According to a 2025 report produced by WebAIM (Web Accessibility In Mind), more than half (55.5%) of homepages on the web have images without descriptive text, making them inaccessible to screen readers.

Images and Search Engines
Search engines can read, but they cannot see pictures. Image alt tags are the solution. When Google’s little spiders crawl your website, they read and catalog all the text on the page. If an image has no alt tag, they will skip right over it.
Here’s an insider tip. When you go to Google Images and search for a photo, the results have nothing to do with how the image looks. They are completely based upon image alt tags. If I posted a picture of a hippo and put “giraffe” in the image’s tag, guess how Google would see it? Some poor elementary aged kid looking for a giraffe would be really confused to see a hippo.

Image alt tags will help Google find your images in an image search, but it will also help that page of your website rank higher in search results. When search engines see that you have content related to a search term along with images that support it, you’ll get a little SEO bump, as well.
Getting Started with Image Alt Tags
You may think that all this sounds really technical, but it’s actually much simpler than you’d expect. Most website builders have a place to add alt text when you upload an image. In fact, that box before and just didn’t realize what it was for. Now that you know what it means, you’re ahead of the game!
When you add an alt tag to an image, remember these best practices:
- Avoid unnecessary text. You don’t need to use the term “image of” at the beginning. The search engine already knows an image is there.
- Describe the image clearly in simple terms. Give a short synopsis of what it shows, and include any readable text. Remember, you’re describing it for people using screen readers, so they can fully experience the content too.
- Include related search terms. When possible, make sure at least one image on your page or post includes a term that relates to the content of that page.
If you really aren’t sure what to put for an image alt tag, try putting this prompt into ChatGPT:
“I’m working on a page of my website about [subject] and am including this image. Please give me a description for the alt text that will make it more accessible for the visually impaired and help the page’s SEO.” Then you upload the image, and let AI do the lifting for you.

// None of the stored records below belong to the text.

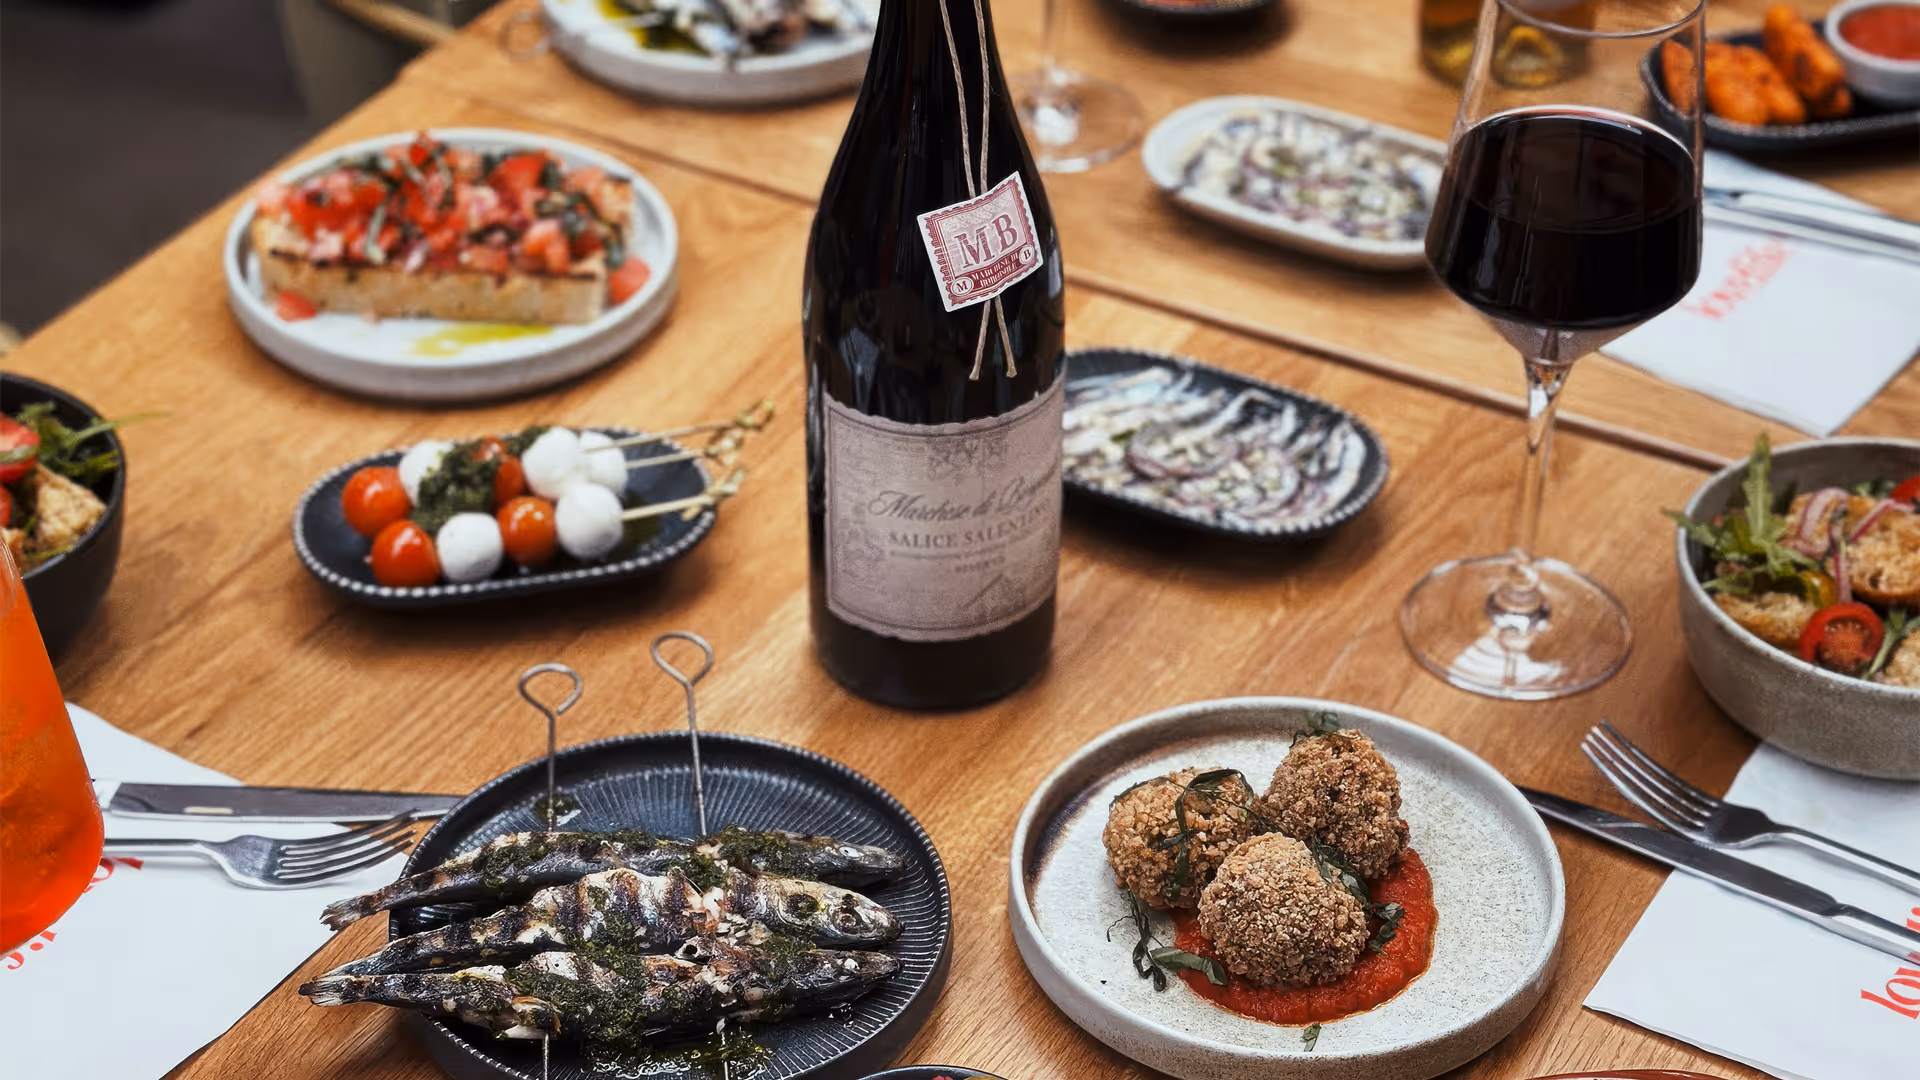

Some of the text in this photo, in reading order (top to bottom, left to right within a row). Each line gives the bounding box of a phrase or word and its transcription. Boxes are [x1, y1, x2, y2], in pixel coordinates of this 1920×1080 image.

[1022, 249, 1031, 260] B
[956, 281, 969, 293] M
[887, 532, 959, 550] SALICE
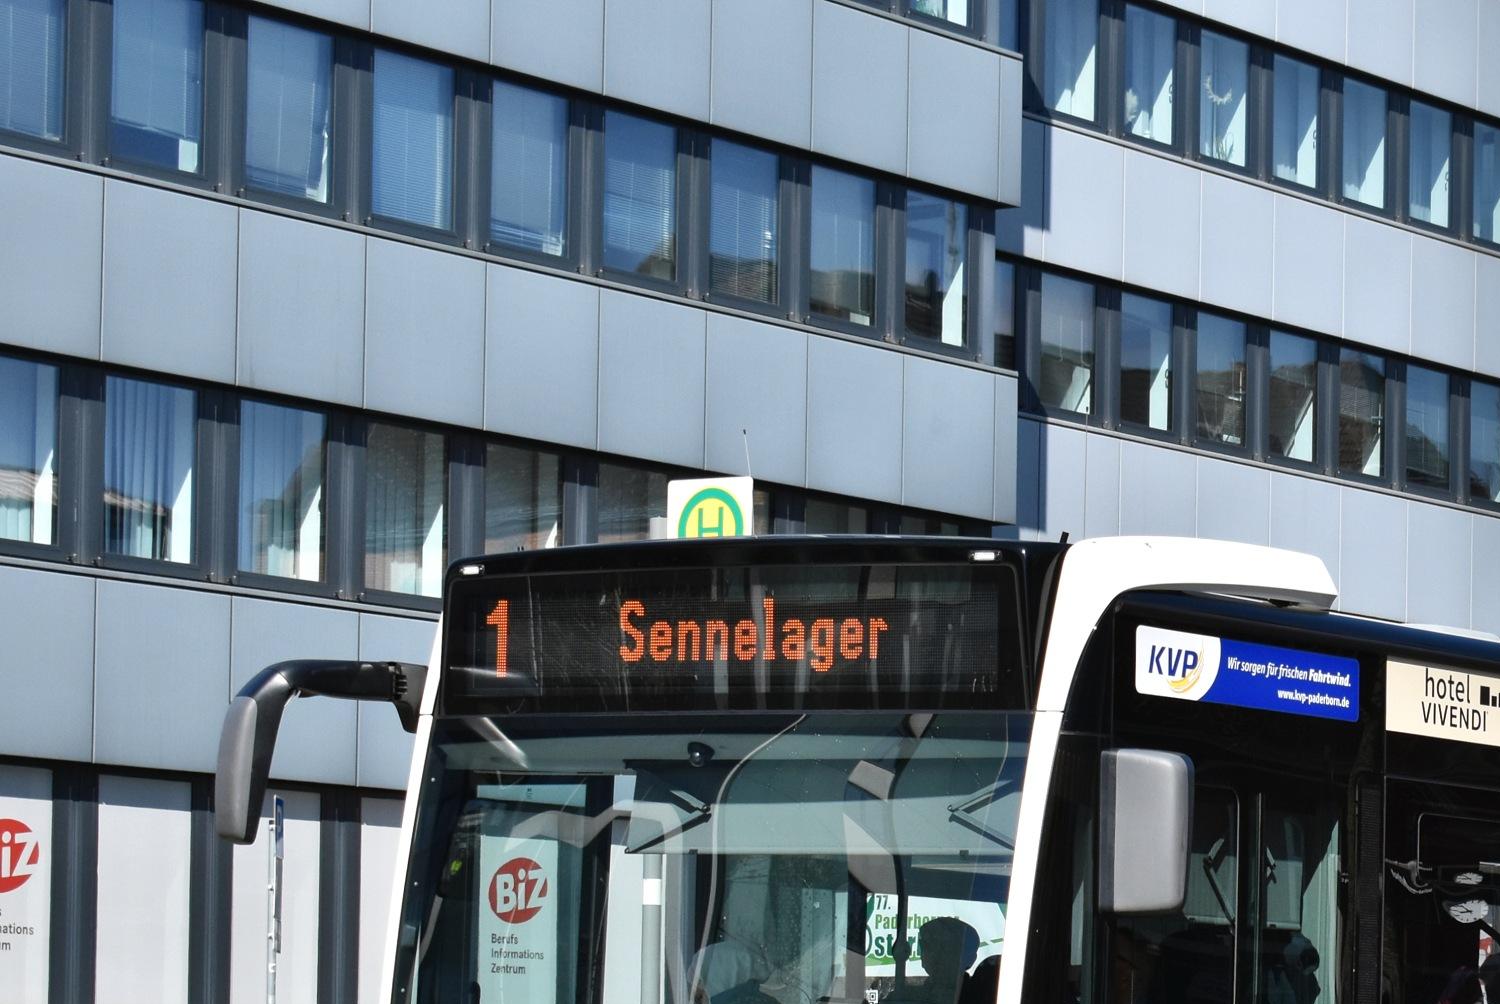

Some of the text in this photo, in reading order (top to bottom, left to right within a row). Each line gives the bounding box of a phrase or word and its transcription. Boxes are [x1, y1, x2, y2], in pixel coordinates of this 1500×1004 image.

[698, 506, 724, 538] H
[486, 596, 889, 678] 1 Sennelager
[1148, 644, 1200, 679] KVP
[1227, 656, 1352, 688] Wir sorgen für frischen Fahrtwind.
[1277, 688, 1350, 709] www.kvp-paderborn.de
[1425, 667, 1471, 704] hotel
[1421, 701, 1487, 732] VIVENDI
[0, 830, 39, 878] iZ
[496, 867, 549, 915] BiZ
[875, 894, 892, 911] 77.
[0, 923, 35, 936] ations
[491, 933, 519, 945] Berufs
[491, 948, 544, 961] Informations
[491, 963, 526, 975] Zentrum

If your website currently doesn’t have any image alt tags (also called alternative text) for images, that’s ok. Don’t get overwhelmed trying to add them everywhere all at once. Start with the next image you upload and make it a habit going forward.
At the end of the day, you want your website to reach and welcome more people so you can make a difference, right? Paying attention to details like image alt tags shows you care enough to make your website accessible to everyone, from those who use screen readers to people searching on Google.
In the meantime, keep swimming along!